There is a very real danger that well meaning people (who may be close friends, relatives or medical professionals) may consider that a vulnerable person who does not have the same opinion as they do needs “protection”. It can even lead to the circularity of believing that the fact that the person disagrees, in itself demonstrates their “vulnerability” or lack of mental capacity! This is unacceptably paternalistic.
This principle was recognised in a recent court case in which a medical authority sought the right to amputate a paranoid schizophrenic patient’s leg as they believed that not doing so would endanger the patient’s life, but the patient refused. The request was rejected by the judge. In delivering his ruling, Mr Justice Peter Jackson said: “The temptation to base a judgment of a person’s capacity upon whether they seem to have made a good or bad decision, and in particular upon whether they have accepted or rejected medical advice, is absolutely to be avoided… Any tendency in this direction risks infringing the rights of that group of persons who, though vulnerable, are capable of making their own decisions.”
So we can see that a vulnerable elderly person needs protection both from those who may wish to shorten their life and from those who wish to extend it, if that is not in line with their long held wishes.
The law is currently very weak in protecting people against those intent on prolonging a vulnerable person’s life beyond their wishes. The best that is on offer is an Advance Decision (AD) which allows them to refuse specified treatments. But this only applies when the person no longer has mental capacity, so does not properly apply to those vulnerable people we are considering here. It must be all too easy for well meaning people to persuade these vulnerable people who are ready to die to “fight on” against their true wishes. The extent to which this happens is very hard to establish as it takes place in a context where the assumption is that keeping people alive for as long as possible is the best option.
The issues of protecting vulnerable people are complex, but we may conclude:
- There are degrees of “vulnerability” which a person may have while still retaining legal mental capacity.
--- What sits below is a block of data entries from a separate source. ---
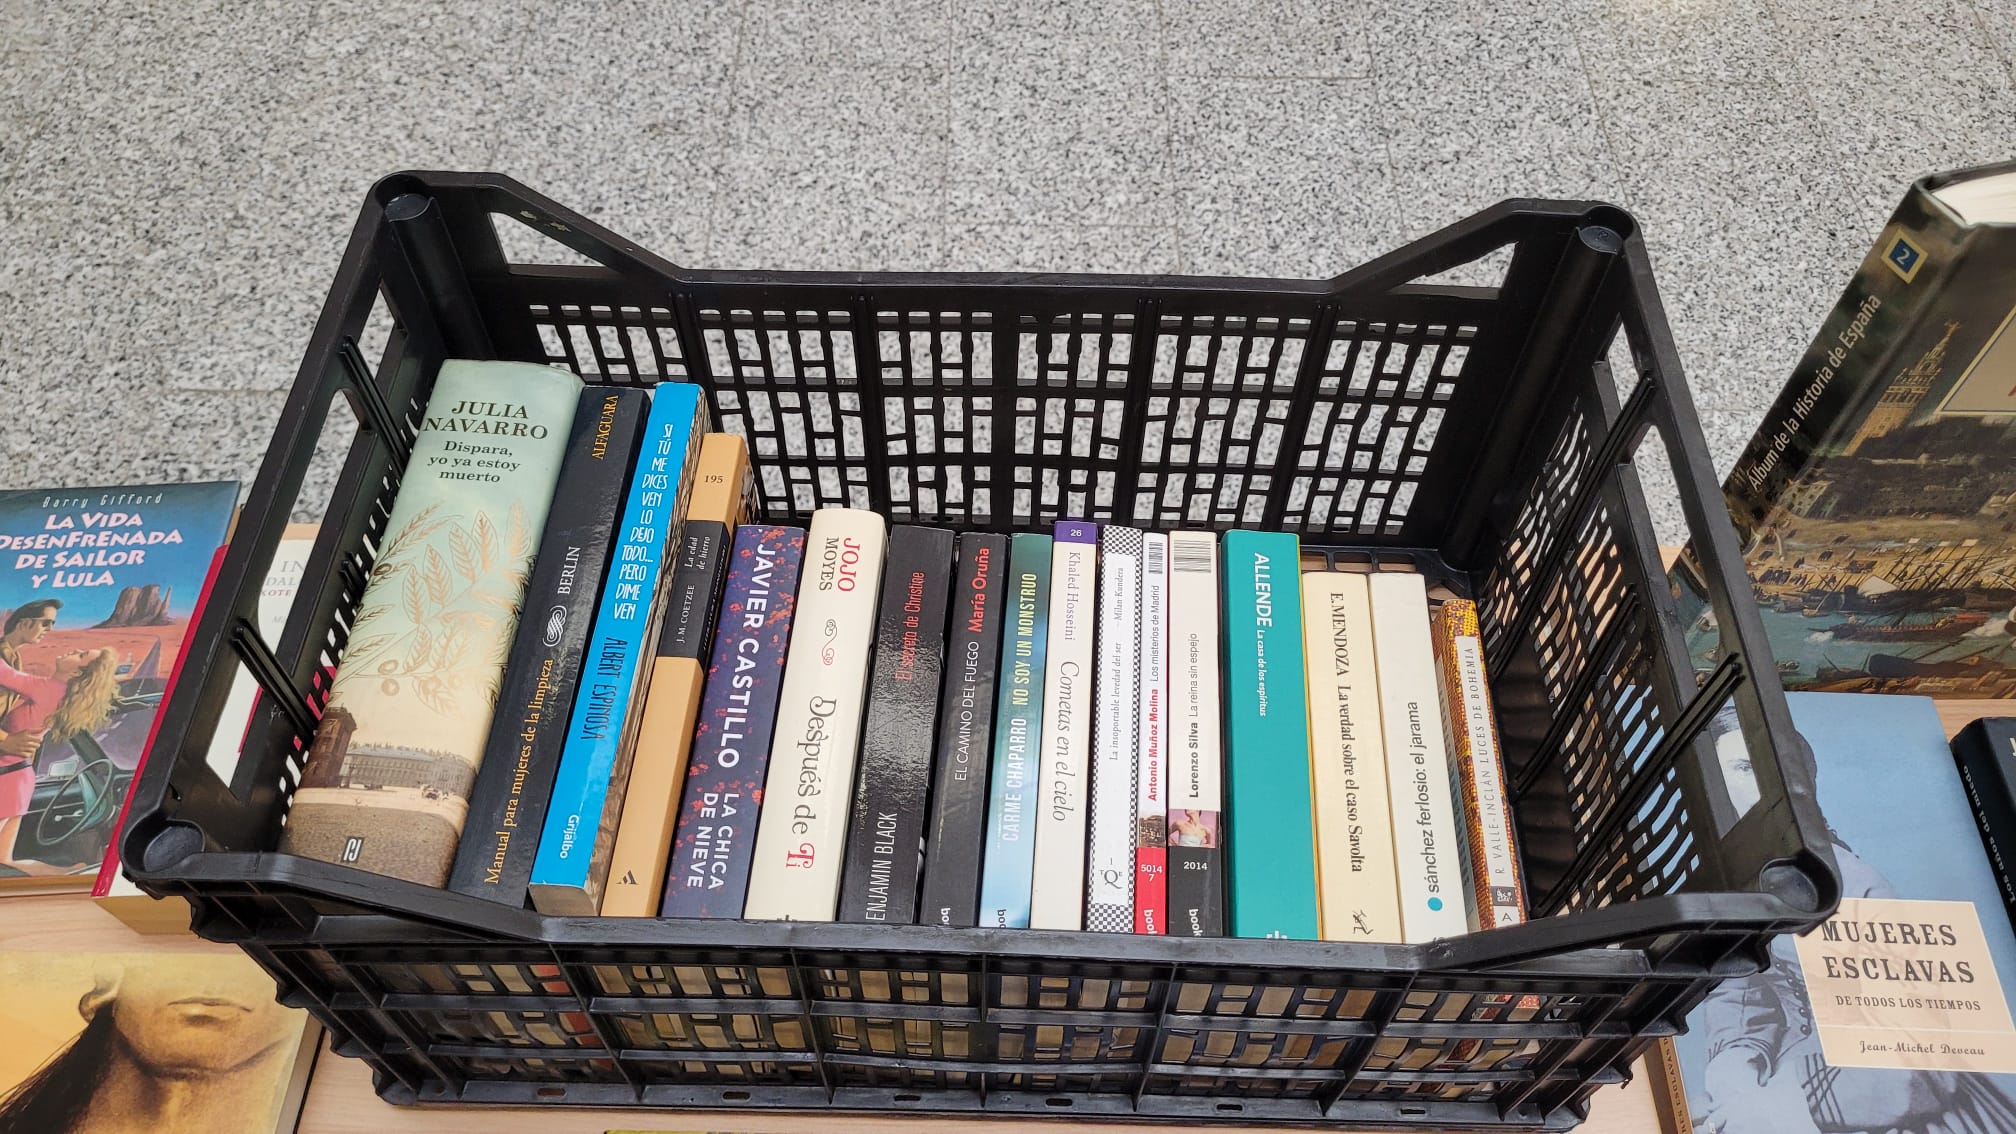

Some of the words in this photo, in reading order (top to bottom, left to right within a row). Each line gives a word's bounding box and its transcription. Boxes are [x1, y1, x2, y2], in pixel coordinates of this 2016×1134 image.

[1896, 247, 1912, 266] 2
[1773, 431, 1790, 452] de
[1782, 417, 1800, 435] la
[1792, 365, 1834, 421] Historia
[1827, 346, 1847, 369] de
[1839, 294, 1882, 349] España
[451, 400, 529, 419] JULIA
[423, 417, 548, 440] NAVARRO
[592, 395, 619, 460] ALFAGUARA
[664, 423, 674, 438] SI
[443, 440, 513, 458] Dispara,
[658, 437, 672, 455] TÚ
[427, 456, 448, 467] yo
[451, 458, 472, 468] ya
[476, 459, 522, 472] estoy
[652, 457, 667, 471] ME
[438, 471, 500, 483] muerto
[641, 474, 668, 489] DICES
[704, 474, 724, 484] 195
[43, 496, 89, 509] Barry
[100, 493, 163, 506] Gifford
[642, 492, 662, 507] VEN
[45, 514, 75, 530] LA
[640, 509, 653, 524] LO
[630, 527, 655, 543] DEJO
[1070, 529, 1082, 537] 26
[688, 536, 699, 556] edad
[698, 536, 711, 559] hierro
[15, 554, 48, 570] DE
[557, 546, 581, 595] BERLIN
[618, 563, 647, 581] PERO
[685, 557, 694, 568] La
[696, 560, 706, 570] de
[818, 537, 840, 592] MOYES
[837, 537, 861, 592] JOJO
[971, 547, 991, 590] Oruña
[1066, 552, 1081, 590] Khaled
[31, 574, 48, 589] Y
[52, 570, 115, 588] LULA
[742, 544, 776, 629] JAVIER
[1114, 567, 1124, 599] Kundera
[1254, 552, 1273, 628] ALLENDE
[615, 584, 641, 600] DIME
[904, 572, 925, 613] Christine
[1150, 585, 1160, 613] Madrid
[613, 603, 636, 620] VEN
[680, 585, 695, 624] COETZEE
[968, 593, 986, 633] María
[1017, 573, 1037, 636] MONSTRUO
[1113, 601, 1123, 621] Milan
[902, 615, 920, 629] de
[1064, 593, 1079, 641] Hosseini
[1150, 615, 1160, 626] de
[1149, 627, 1160, 664] misterios
[1257, 630, 1266, 639] La
[597, 637, 628, 678] ALBERT
[901, 631, 918, 667] secreto
[1016, 640, 1032, 657] UN
[1190, 633, 1201, 663] espejo
[1257, 641, 1265, 657] casa
[964, 641, 980, 682] FUEGO
[1014, 660, 1031, 684] SOY
[1112, 655, 1121, 666] del
[1190, 663, 1198, 678] sin
[1257, 658, 1268, 669] de
[528, 659, 554, 708] limpieza
[895, 670, 913, 682] El
[1111, 668, 1121, 697] levedad
[1150, 664, 1160, 682] Los
[1258, 670, 1268, 681] los
[1464, 648, 1480, 699] BOHEMIA
[717, 638, 760, 768] CASTILLO
[962, 685, 976, 708] DEL
[1012, 689, 1028, 705] NO
[1057, 661, 1080, 731] Cometas
[1189, 680, 1198, 703] reina
[1256, 682, 1268, 717] espíritus
[1337, 685, 1352, 701] La
[580, 684, 617, 741] ESPINOSA
[1149, 689, 1159, 721] Molina
[1189, 705, 1198, 717] La
[1472, 706, 1483, 719] DE
[530, 711, 541, 725] la
[1110, 698, 1121, 750] insoportable
[1339, 704, 1356, 741] verdad
[1408, 702, 1428, 748] jarama
[521, 726, 537, 742] de
[956, 711, 973, 764] CAMINO
[1057, 737, 1070, 755] en
[1148, 724, 1158, 758] Muñoz
[1189, 722, 1198, 748] Silva
[1475, 726, 1489, 763] LUCES
[797, 696, 837, 797] Después
[1006, 719, 1028, 788] CHAPARRO
[1110, 752, 1119, 760] La
[1410, 752, 1425, 765] el
[511, 744, 532, 795] mujeres
[1055, 761, 1076, 777] el
[1342, 744, 1357, 776] sobre
[954, 767, 968, 781] EL
[1148, 759, 1158, 801] Antonio
[1189, 752, 1199, 798] Lorenzo
[1345, 779, 1360, 790] el
[700, 792, 719, 819] DE
[721, 793, 740, 818] LA
[1053, 781, 1074, 821] cielo
[1346, 792, 1359, 822] caso
[1413, 768, 1432, 826] ferlosio:
[503, 799, 519, 828] para
[792, 804, 816, 835] de
[1002, 793, 1022, 841] CARME
[559, 814, 580, 859] Grijalbo
[873, 812, 898, 854] BLACK
[484, 831, 511, 884] Manual
[687, 826, 713, 888] NIEVE
[707, 825, 734, 889] CHICA
[1348, 825, 1366, 873] Savolta
[1419, 829, 1440, 893] sánchez
[1141, 865, 1162, 873] 5014
[1149, 874, 1155, 882] 7
[1184, 862, 1208, 870] 2014
[941, 907, 951, 926] bo
[1822, 920, 1957, 946] MUJERES
[1822, 956, 1974, 983] ESCLAVAS
[1836, 995, 1851, 1006] DE
[1855, 996, 1896, 1007] TODOS
[1899, 998, 1923, 1008] LOS
[1926, 999, 1981, 1011] TIEMPOS
[1860, 1041, 1935, 1054] Jean-Michel
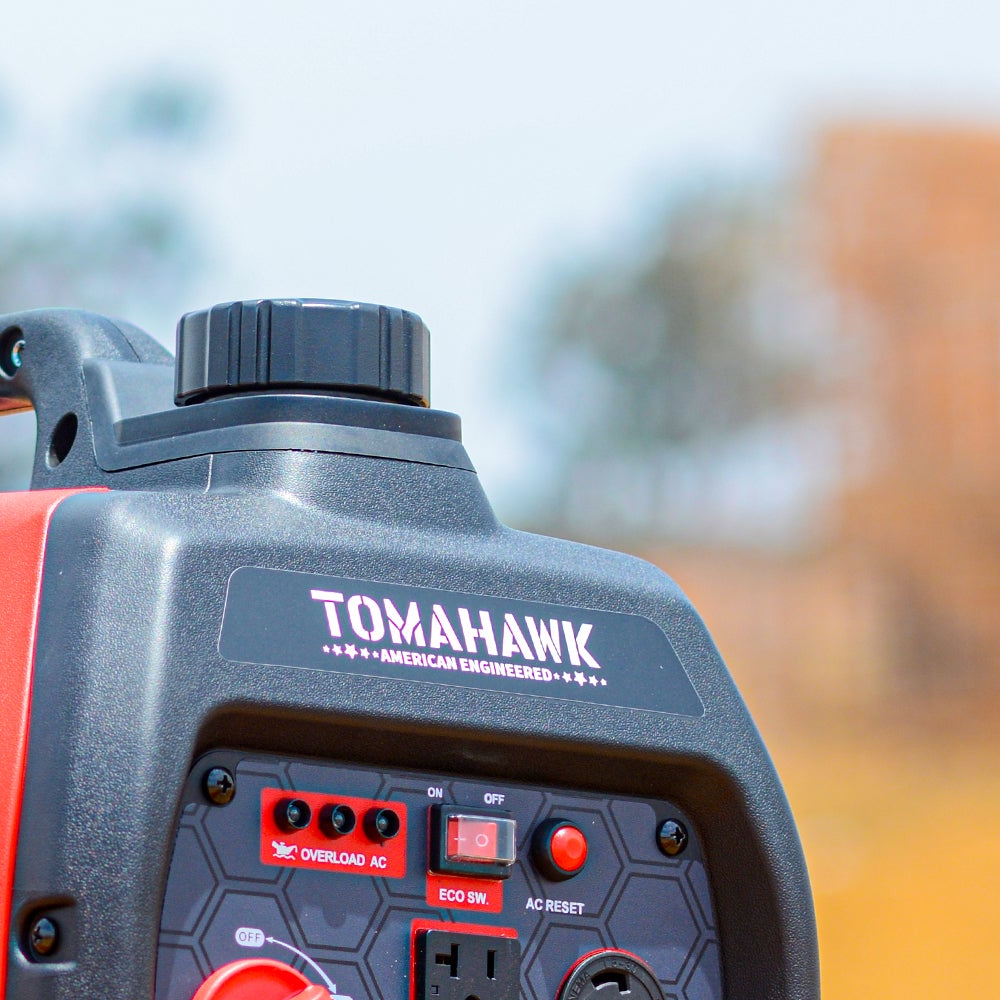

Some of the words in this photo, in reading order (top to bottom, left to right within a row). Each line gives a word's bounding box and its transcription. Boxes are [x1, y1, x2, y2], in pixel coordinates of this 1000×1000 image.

[310, 589, 601, 669] TOMAHAWK
[380, 648, 458, 670] AMERICAN
[460, 657, 553, 682] ENGINEERED
[427, 787, 443, 798] ON
[484, 793, 505, 805] OFF
[300, 848, 366, 867] OVERLOAD
[370, 856, 387, 869] AC
[439, 888, 465, 903] ECO
[467, 891, 489, 905] SW.
[525, 898, 544, 911] AC
[545, 900, 585, 915] RESET
[238, 931, 261, 943] OFF
We are all “vulnerable” to some extent. It is only where someone is approaching the limits of legal mental capacity that we should be justifiably concerned about the possible undue influence of others.
- Assessing whether someone is sufficiently vulnerable to warrant some form of protection could only be done on a case by case basis by experienced professionals, and would naturally be linked with an assessment of mental capacity. This grey area of mental capacity should perhaps be recognised as “with capacity, though with a level of vulnerability that reasonably causes concern”.
- In assessing vulnerability regarding life ending decisions, it might be helpful to consider how the individual has made other recent decisions. For example: is there evidence of a reduced ability for the person to make decisions independently?
- We should be wary of imposing our own values on others. To do so can be paternalistic and deny an individual’s autonomy.
- Few people make important decisions in isolation. They take into account the views of trusted relatives, friends and professionals – without necessarily agreeing with them. This is normal behaviour.
- Vulnerability works both ways – the aim of “protection” should be to uphold the individual’s wishes from unreasonable pressure or persuasion by people wishing to shorten or extend a person’s life in a way that is contrary to the person’s wishes.
- A wish for an assisted suicide when someone’s quality of life is below the level they can tolerate, and where there is minimal realistic hope of improvement, should not, of itself, indicate a level of vulnerability that reasonably causes concern.
- Wishes expressed in an Advance Decision may usefully help determine what an individual’s wishes are, in the situation where their level of vulnerability causes reasonable concern, but while they still have mental capacity. See the MDMD suggestion for Extended Advance Decisions – for this purpose.